海外メディア『The Athletic』によれば、イングランド代表FWにとって、チェルシーは第一希望ではなく、リバプール移籍を希望していたようだ。しかし、ユルゲン・クロップ監督は関心を示さずに、積極的な補強を繰り返しているロンドンのクラブに落ち着いた。
アンフィールドでデビュー当時のスターリングは切れ味鋭いドリブル突破や脅威的なスピードでゴールに迫ったが、スピードタイプだけに年齢の影響をもろに受けている。今シーズンはハムストリング負傷もあり、22 試合で6ゴールのみ留まっている。
現実的にリバプール移籍は無謀な希望だった。アンフィールドのサポーターの感情を逆撫でするような補強は関係性を壊す。加えて、全盛期を過ぎて、プレースタイルの変更もできていない選手を獲得するのはリスクが大きすぎる。

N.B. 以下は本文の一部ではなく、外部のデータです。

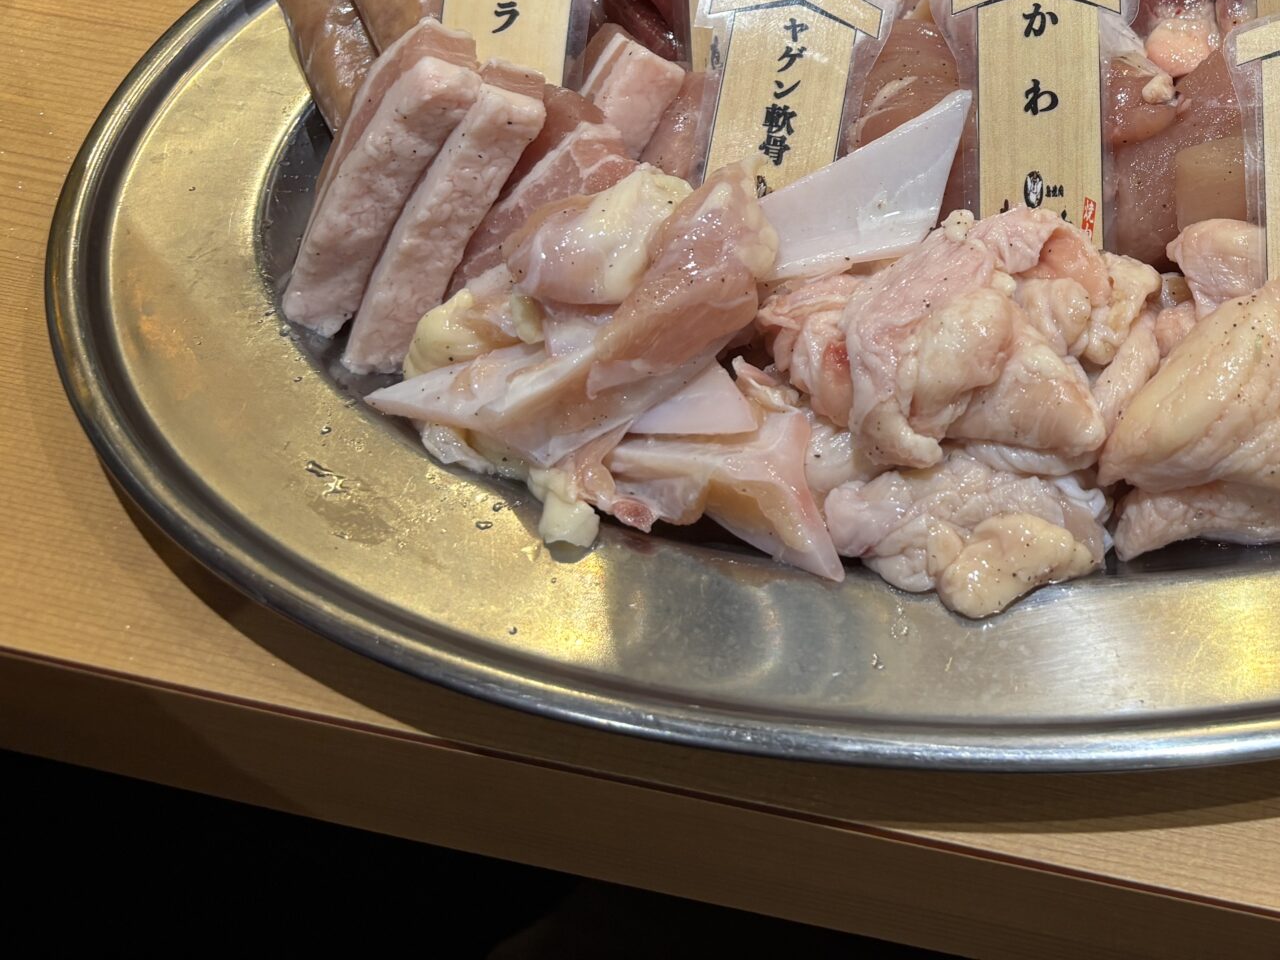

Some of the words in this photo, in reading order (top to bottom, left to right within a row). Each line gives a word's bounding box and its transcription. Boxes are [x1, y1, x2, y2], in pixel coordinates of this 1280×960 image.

さらには、ルイス・ディアスやディオゴ・ジョッタらすでに在籍しており、ファビオ・カルヴァーリョ獲得も決まっていたため。左ウイングを主戦場とするウィンガーの枚数も十分に足りていた。まぁ、足りていなくともイングランド代表FWの希望を叶える世界線はなかっただろうが。
いずれしても、スターリングがアンフィールド復帰を第一優先に考えていた事実は驚き。過去の記憶がそうさせるのか…はたして、元マンチェスター・シティFWはプレースタイルを変え、キャリアをふたたび浮上させることができるのか…?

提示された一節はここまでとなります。